Some cold fusion methods require continuous input power in the form of electrolysis. The balance of input and output is sometimes close in this case; output power may be only 10% to 30% higher than input, although it has often been 300% or more. Other methods do not require any input power, so all output is positive. These are called "fully ignited," self-sustaining, or heat after death reactions.

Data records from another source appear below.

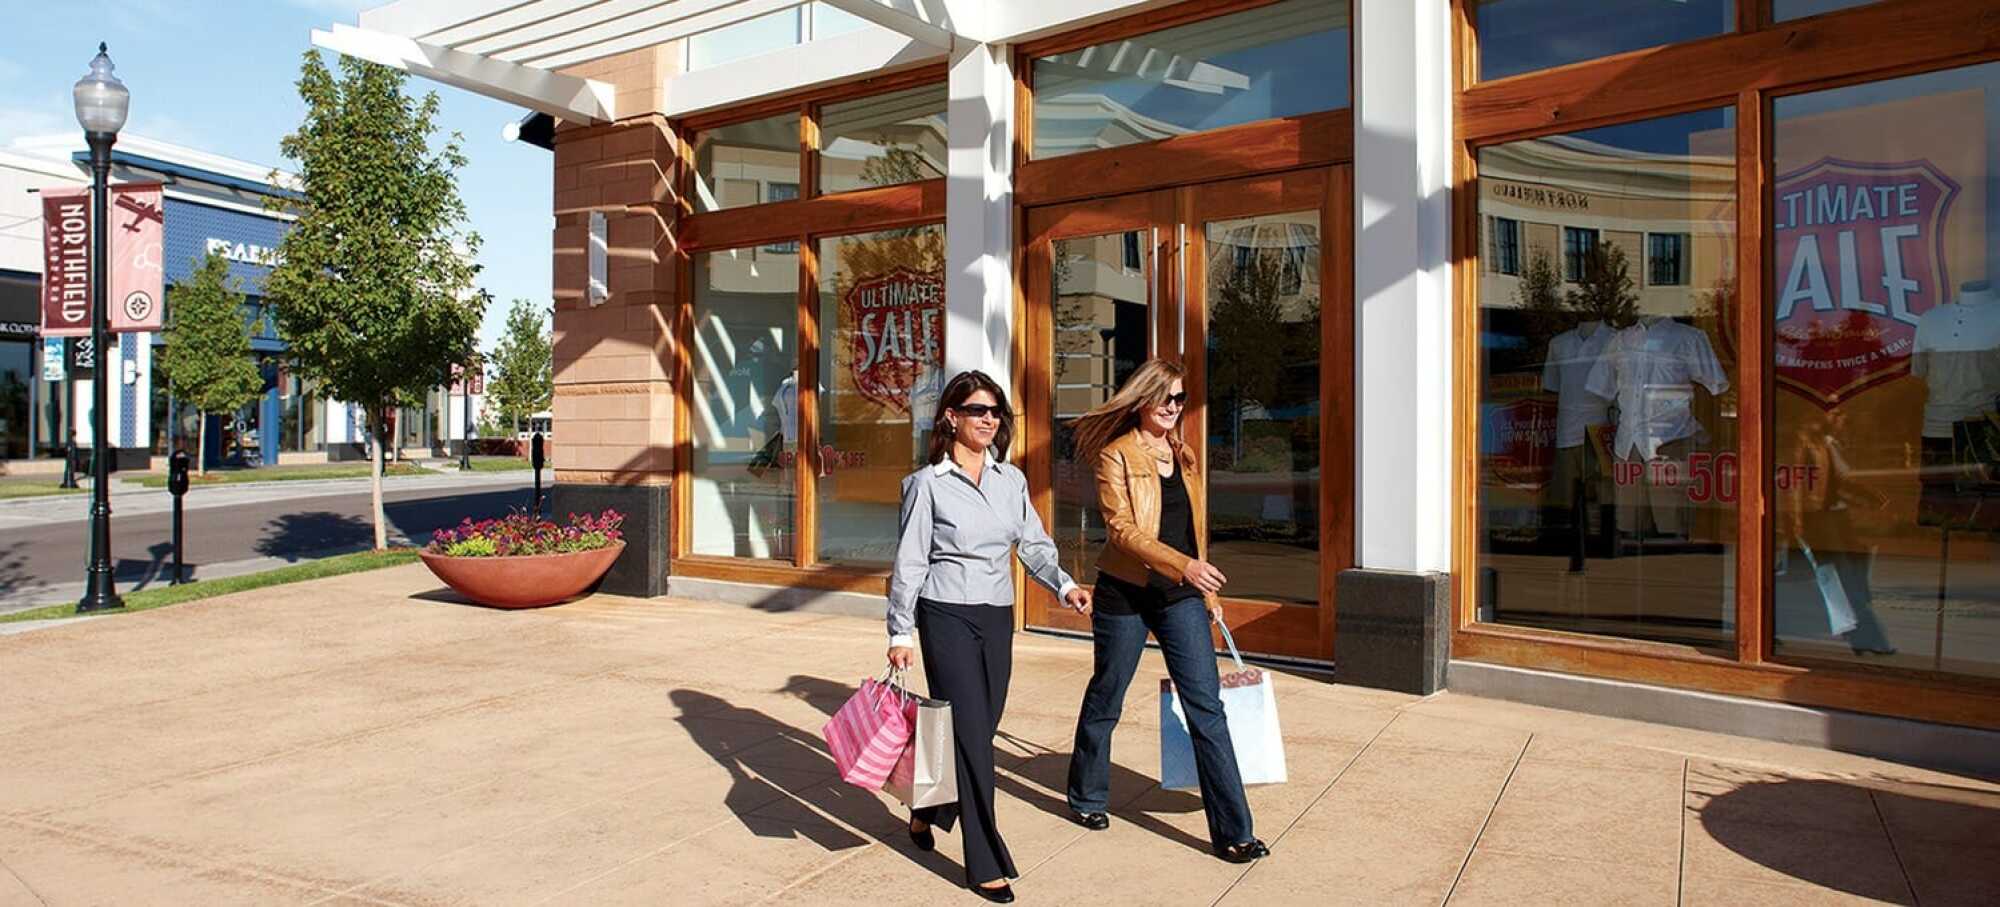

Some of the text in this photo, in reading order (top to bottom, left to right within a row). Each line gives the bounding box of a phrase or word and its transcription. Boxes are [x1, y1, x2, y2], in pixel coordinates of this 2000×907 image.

[1775, 183, 1919, 229] TIMATE
[60, 203, 87, 323] NORTHFIELD
[1775, 223, 1922, 329] ALE
[861, 283, 939, 309] ULTIMATE
[859, 307, 939, 374] SALE
[1835, 354, 1868, 369] TWICE
[1614, 452, 1820, 503] UP TO 50 OFF
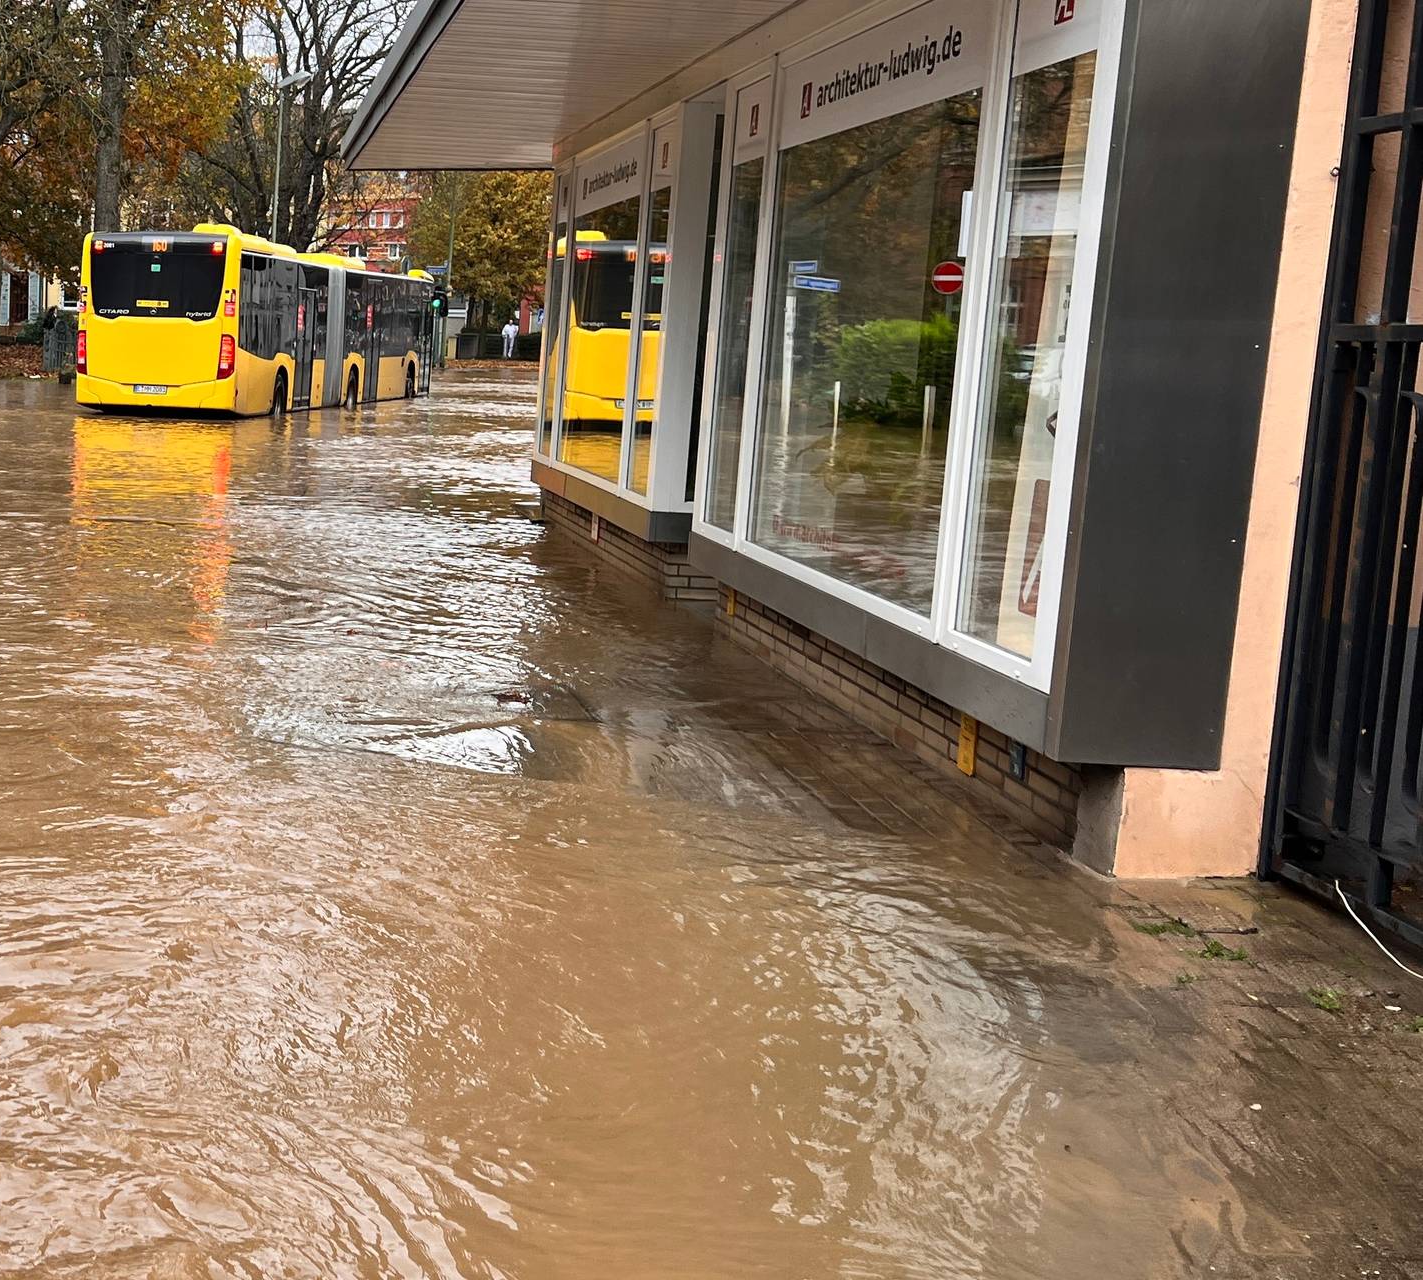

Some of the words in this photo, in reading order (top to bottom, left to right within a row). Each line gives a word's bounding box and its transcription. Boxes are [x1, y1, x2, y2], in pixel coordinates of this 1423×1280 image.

[816, 25, 962, 107] architektur-ludwig.de
[588, 157, 638, 194] architektur-ludwig.de
[152, 239, 168, 252] 160

There have also been several explosions that produced far more output than total input energy.

- Jed Rothwell

mike3 said...
This comment has been removed by the author.
mike3 said...

Why must it be many thousands to millions of years before we'd get something like "faster than light" travel? Jsut becaue it seems extremely hard from our current understanding doesn't mean that it must be as that understanding is not the final word. And so there may be an easier method and we just don't have a clue as to what it is right now. Compared to today's science, that of just 700 years ago would seem primitive. So 700 years from now, why wouldn't today's seem primitive as well? I'd say that the level of impossibility should not be measured by merely how much it agrees or disagrees with current understandings, as those are subject to forces called change and revision -- the very forces that make science work -- but rather it may be measured by how unlikely the things it runs against are to be disproven. E.g. a machine that runs against the 1st law of thermo would be extremely high on the impossibility scale but the interstellar engine would be significantly less so and when you take into account the evolution of understanding beyond the current one, the claims of "thousands" and much worse "millions" or "a million" of years being needed to develop it seem kind of extravagant.